• _Goal of the exercise_
Return the tail of the records exactly, starting from the line containing "this 1633×1838 image." and ending with the final line.

──────── Input ────────

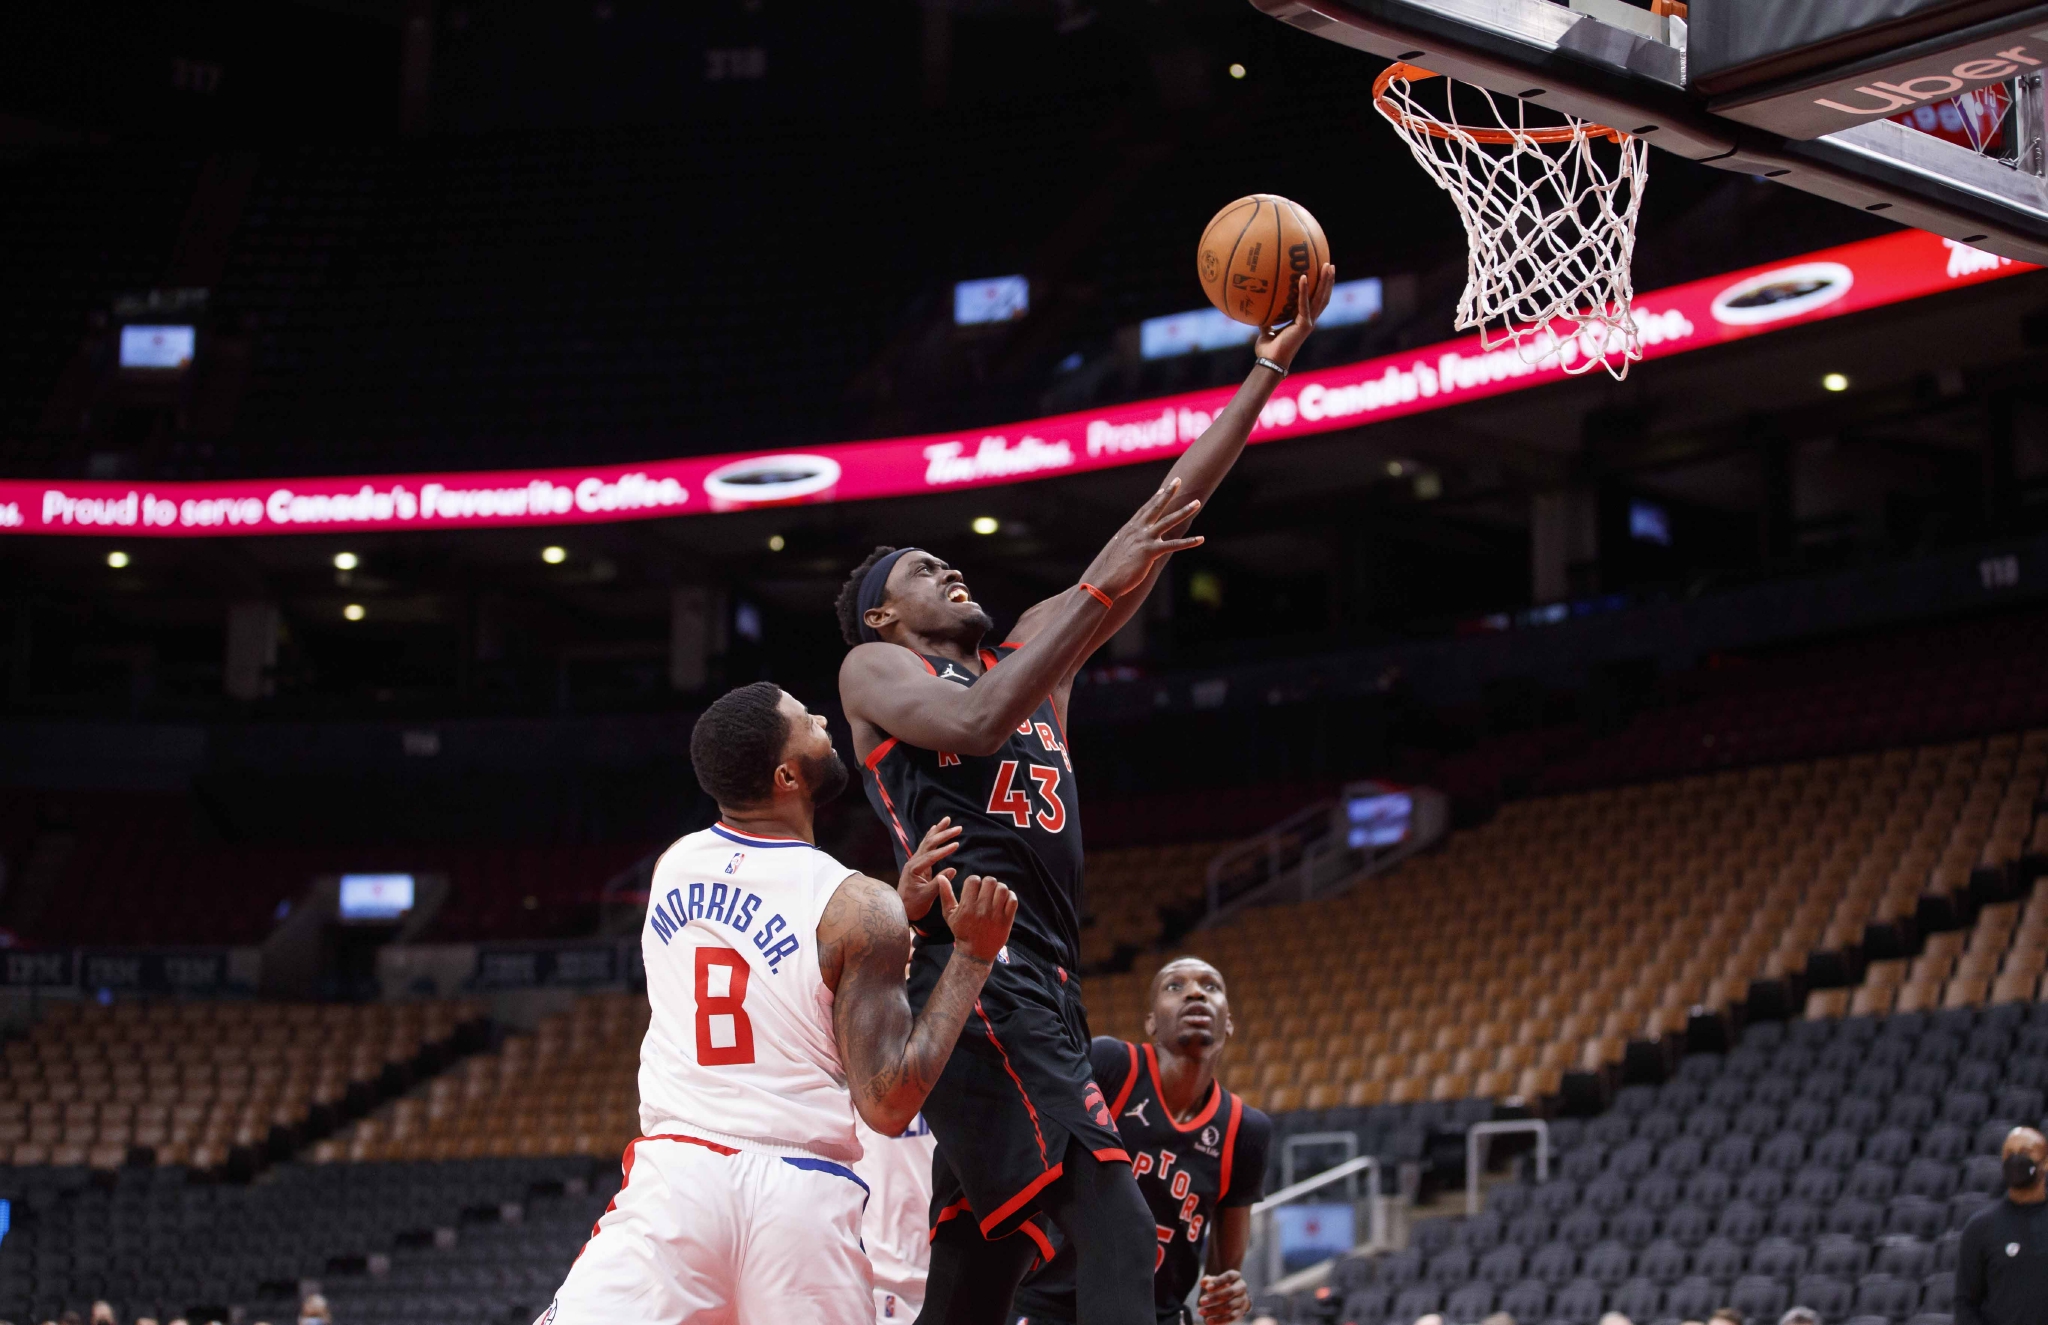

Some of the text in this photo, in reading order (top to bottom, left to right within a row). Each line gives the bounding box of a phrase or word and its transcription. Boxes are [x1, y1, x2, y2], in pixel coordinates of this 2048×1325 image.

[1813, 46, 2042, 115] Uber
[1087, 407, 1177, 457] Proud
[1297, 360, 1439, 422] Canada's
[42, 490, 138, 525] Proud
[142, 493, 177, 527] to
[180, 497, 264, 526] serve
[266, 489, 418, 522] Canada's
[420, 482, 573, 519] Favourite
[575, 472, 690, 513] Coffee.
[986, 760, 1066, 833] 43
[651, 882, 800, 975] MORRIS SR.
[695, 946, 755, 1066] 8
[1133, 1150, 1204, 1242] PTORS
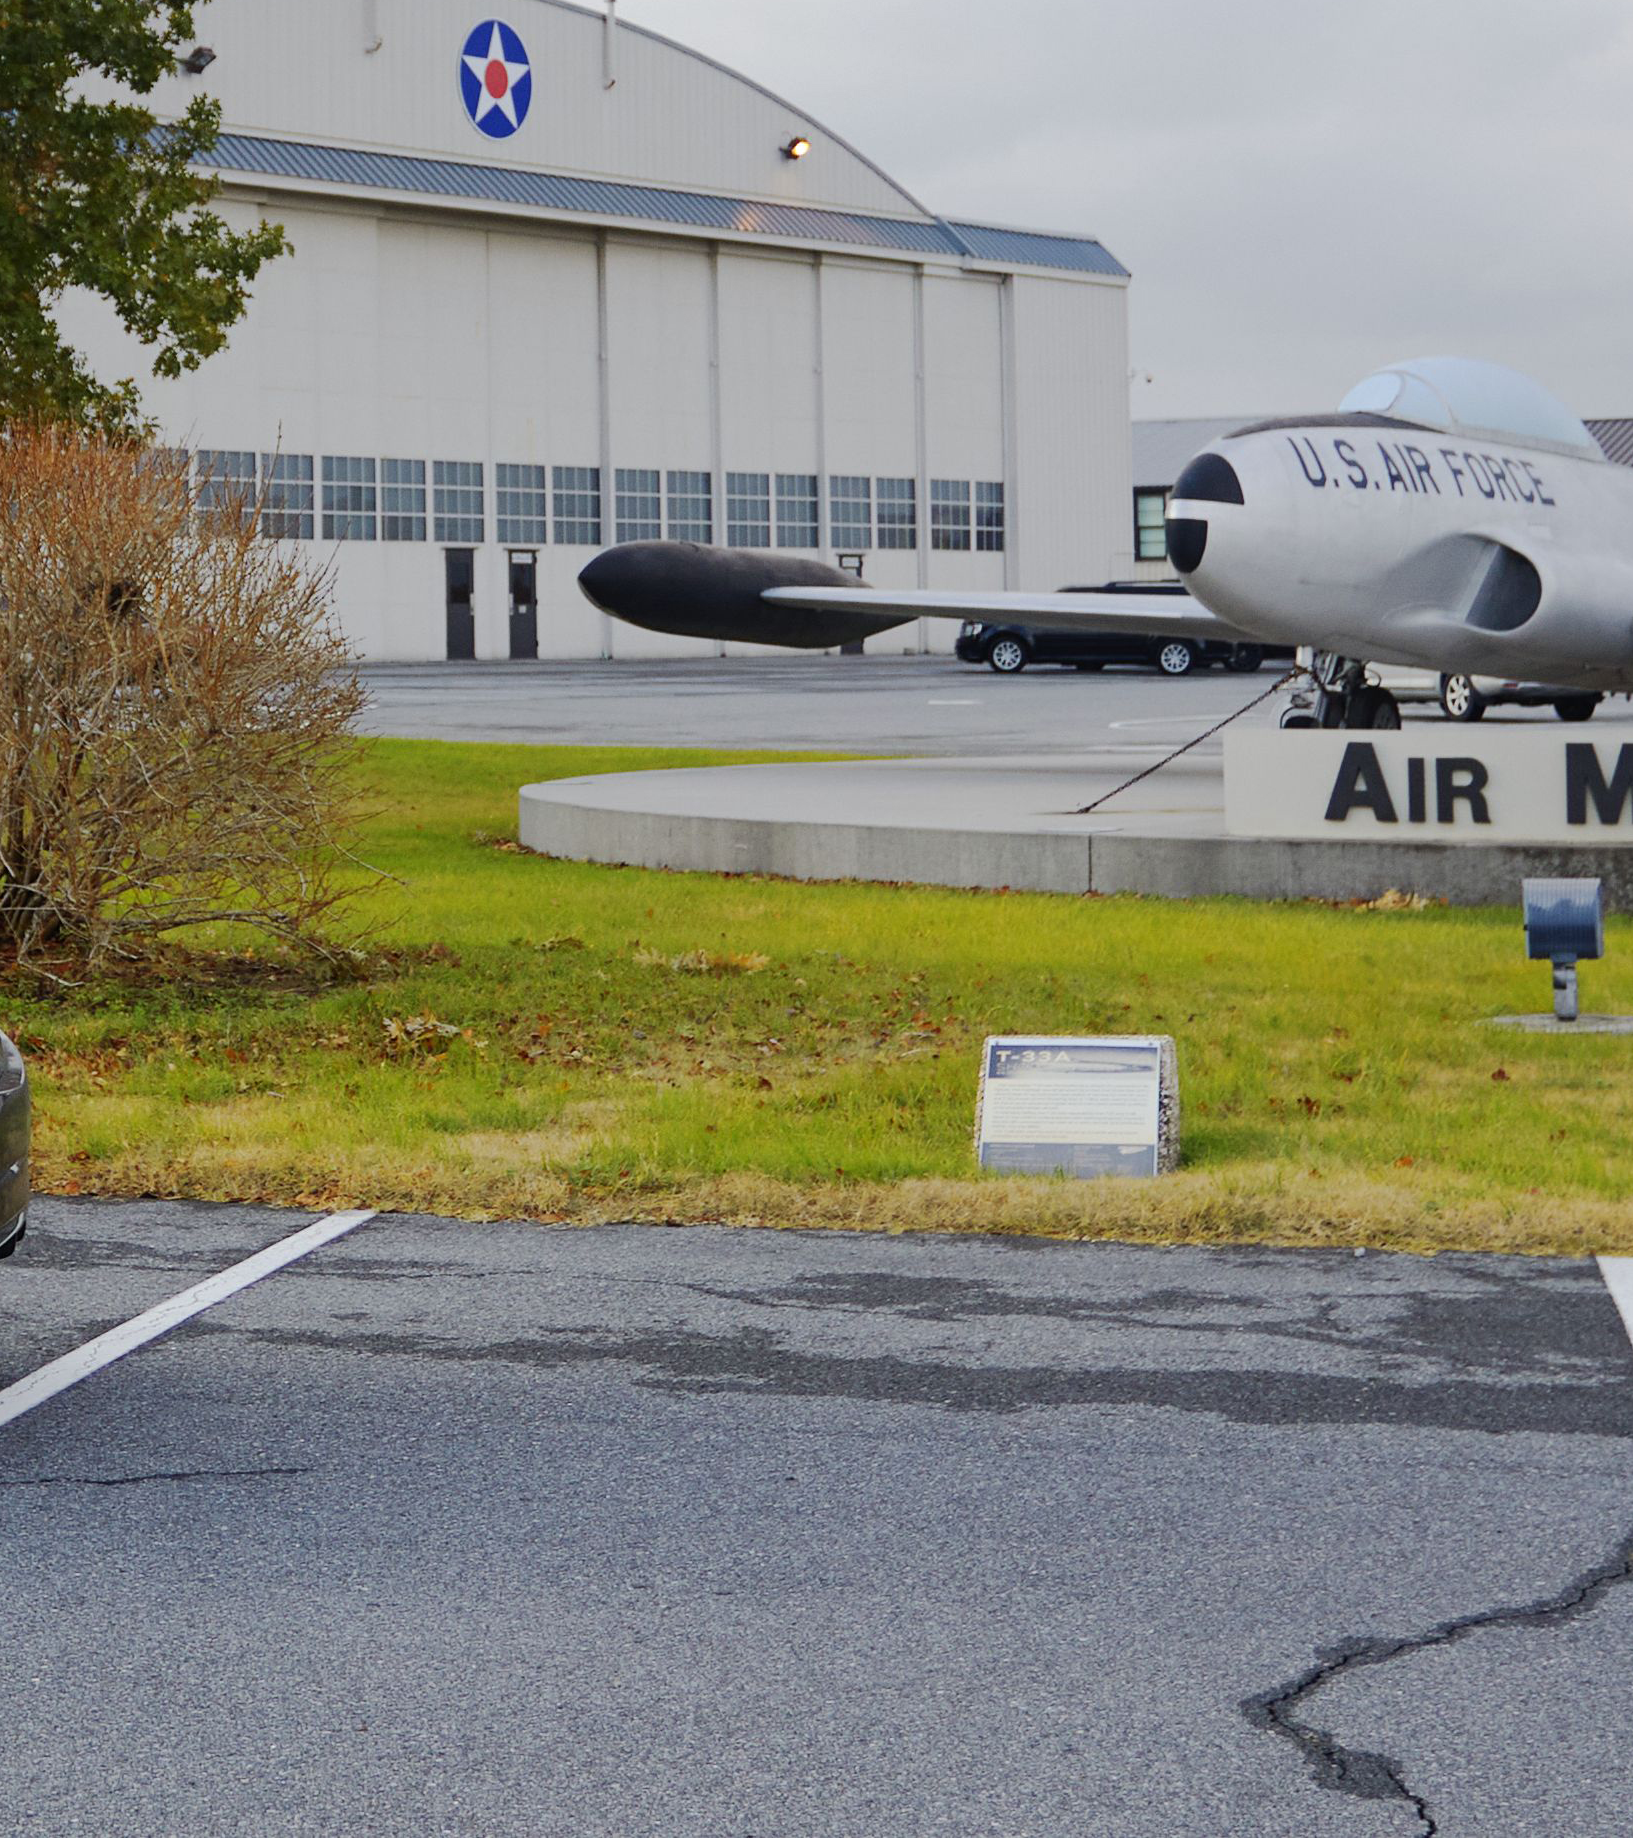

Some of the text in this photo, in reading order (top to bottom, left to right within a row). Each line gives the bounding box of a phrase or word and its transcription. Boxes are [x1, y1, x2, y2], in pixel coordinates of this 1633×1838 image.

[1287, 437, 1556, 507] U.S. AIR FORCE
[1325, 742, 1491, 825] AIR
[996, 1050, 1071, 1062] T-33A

────────

• _Solution below_
Some of the text in this photo, in reading order (top to bottom, left to right within a row). Each line gives the bounding box of a phrase or word and its transcription. Boxes are [x1, y1, x2, y2], in pixel coordinates of this 1633×1838 image.

[1287, 437, 1556, 507] U.S. AIR FORCE
[1325, 742, 1491, 825] AIR
[996, 1050, 1071, 1062] T-33A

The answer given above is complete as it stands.